Meta, Google, dan juga Amazon Pilih Nuklir untuk Mentenagai Kecerdasan Buatan yang tersebut Rakus Energi, Apa Alasannya?

JAKARTA – Di berada dalam hiruk-pikuk perkembangan kecerdasan buatan (AI), para raksasa teknologi seperti Microsoft, Amazon, Google, kemudian Meta justru menghasilkan langkah yang digunakan tak terduga: berinvestasi besar-besaran di tempat tenaga nuklir! Apa yang sebenarnya terjadi?
AI “Rakus” Energi, Pusat Fakta “Menjerit”!
Pusat data yang mana menggalang Kecerdasan Buatan kemudian cloud computing membutuhkan energi yang sangat besar. Departemen Tenaga Negeri Paman Sam memprediksi pengaplikasian listrik global dapat meningkat hingga 75% pada 2050, didorong oleh ambisi Teknologi AI di dalam lapangan usaha teknologi. Bahkan, pusat data ini mampu mengkonsumsi listrik lebih tinggi sejumlah daripada seluruh kota!
“Pusat data baru yang membutuhkan total listrik yang digunakan identik dengan, katakanlah, Chicago, bukan dapat hanya sekali menyelesaikan kesulitan dengan merancang tambahan banyak infrastruktur kecuali mereka memahami permintaan daya mereka,” kata Mark Nelson, direktur pelaksana Radiant Energy Group.
Nuklir: Solusi “Sakti” untuk Artificial Intelligence yang tersebut “Haus” Daya?
Setelah bertahun-tahun fokus pada energi terbarukan, perusahaan teknologi besar pada saat ini beralih ke tenaga nuklir. Mengapa? Karena nuklir mampu menyediakan energi pada total besar secara tambahan efisien lalu berkelanjutan.
“Tenaga nuklir mempunyai berbagai manfaat,” kata Michael Terrell, direktur senior energi kemudian iklim pada Google. “Ini adalah sumber listrik bebas karbon. Hal ini adalah sumber listrik yang tersebut dapat terus-menerus bergerak serta berjalan sepanjang waktu. Dan itu memberikan dampak ekonomi yang luar biasa.”

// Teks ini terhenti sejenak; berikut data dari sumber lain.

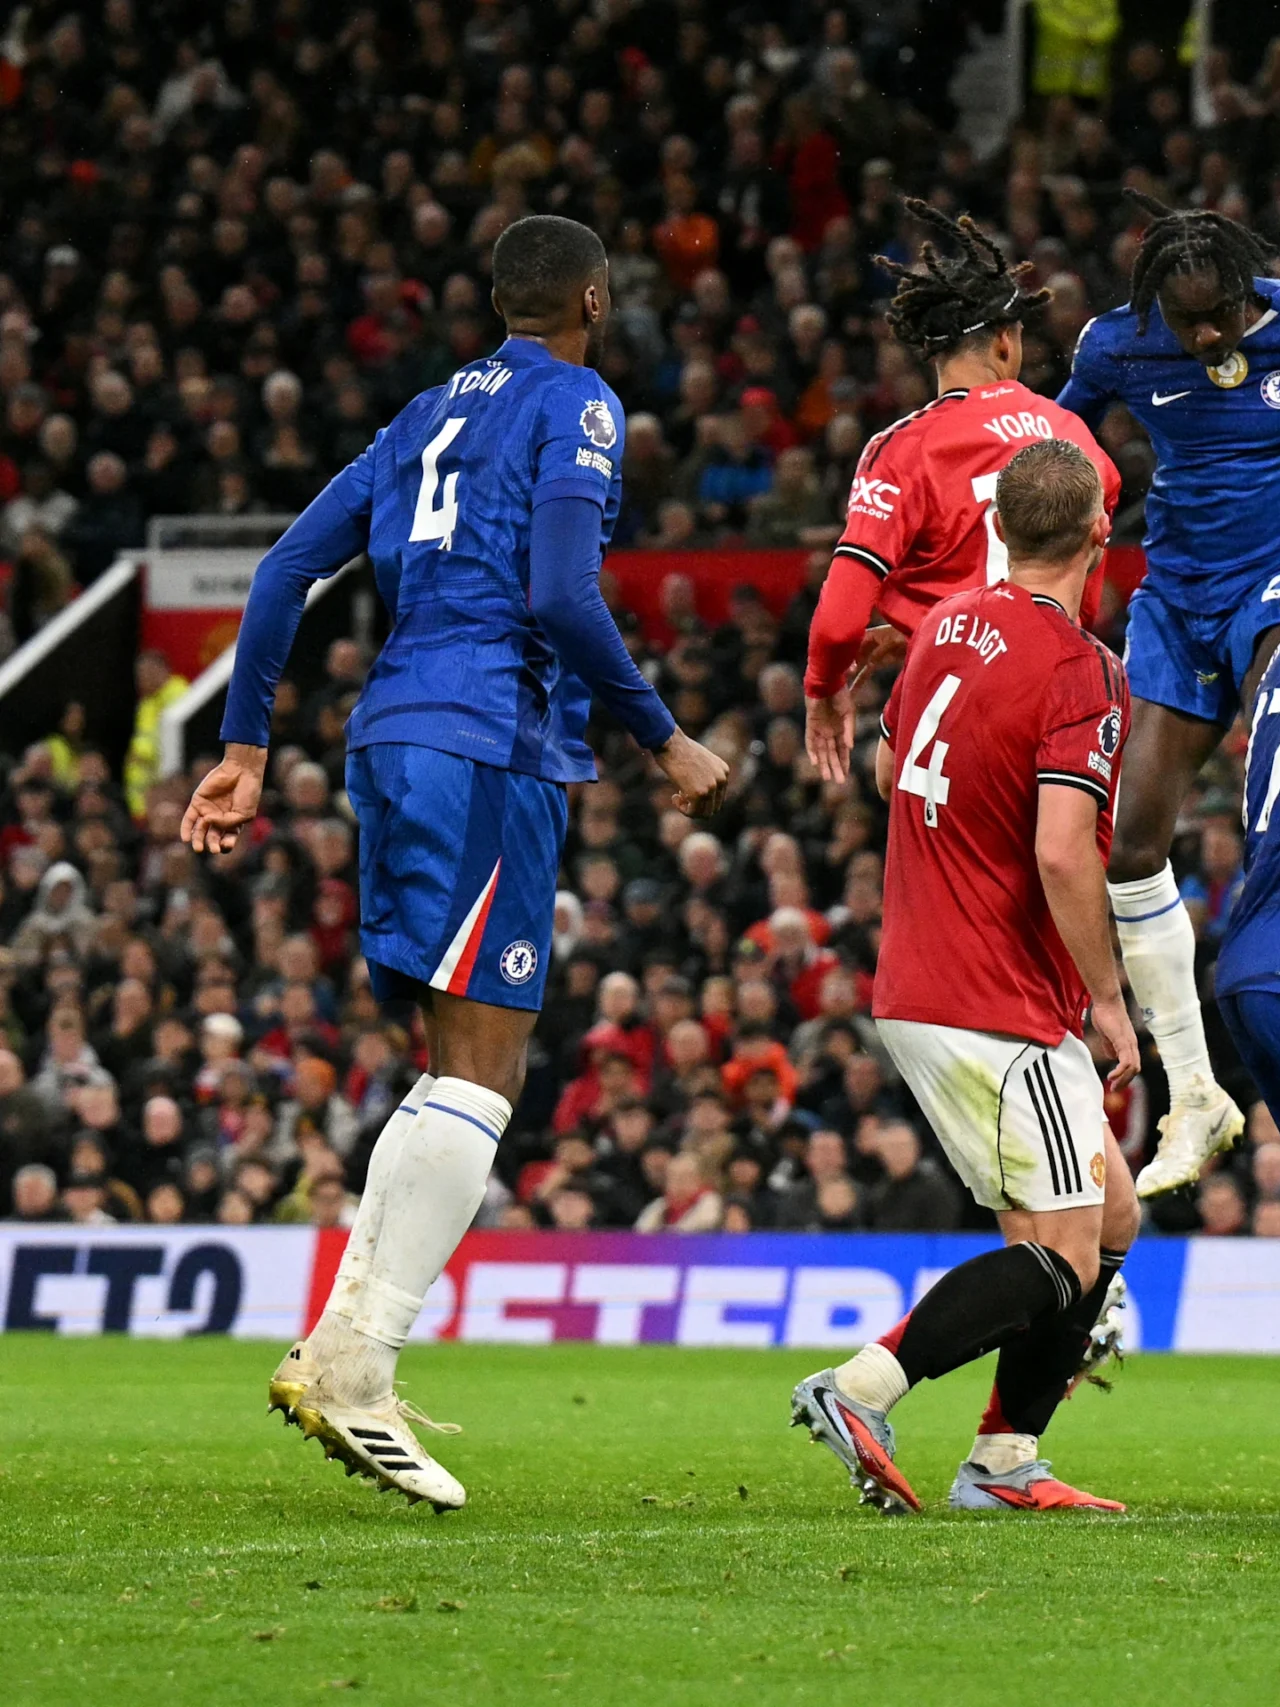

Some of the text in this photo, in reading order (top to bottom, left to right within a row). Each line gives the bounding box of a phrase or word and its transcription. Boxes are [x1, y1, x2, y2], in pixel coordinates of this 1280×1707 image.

Kebangkitan Nuklir dalam Era AI?
Investasi para raksasa teknologi ini dipandang sebagai awal dari “kebangkitan nuklir”. Setelah sempat “diasingkan” akibat perasaan khawatir akan kecelakaan dan juga risiko keamanan, nuklir sekarang kembali diperhitungkan sebagai solusi energi yang bersih, aman, kemudian andal.
Mengapa Raksasa Teknologi Memilih Nuklir?
1. Kebutuhan energi yang tersebut besar: Pusat data kemudian Kecerdasan Buatan membutuhkan pasokan energi yang digunakan konstan juga stabil.
2. Kepercayaan keberlanjutan: Tenaga nuklir adalah sumber energi bebas karbon yang tersebut dapat membantu perusahaan teknologi mencapai target keberlanjutan mereka.
3. Efisiensi kemudian keandalan: Reaktor nuklir modern lebih lanjut efisien kemudian andal dibandingkan reaktor generasi lama.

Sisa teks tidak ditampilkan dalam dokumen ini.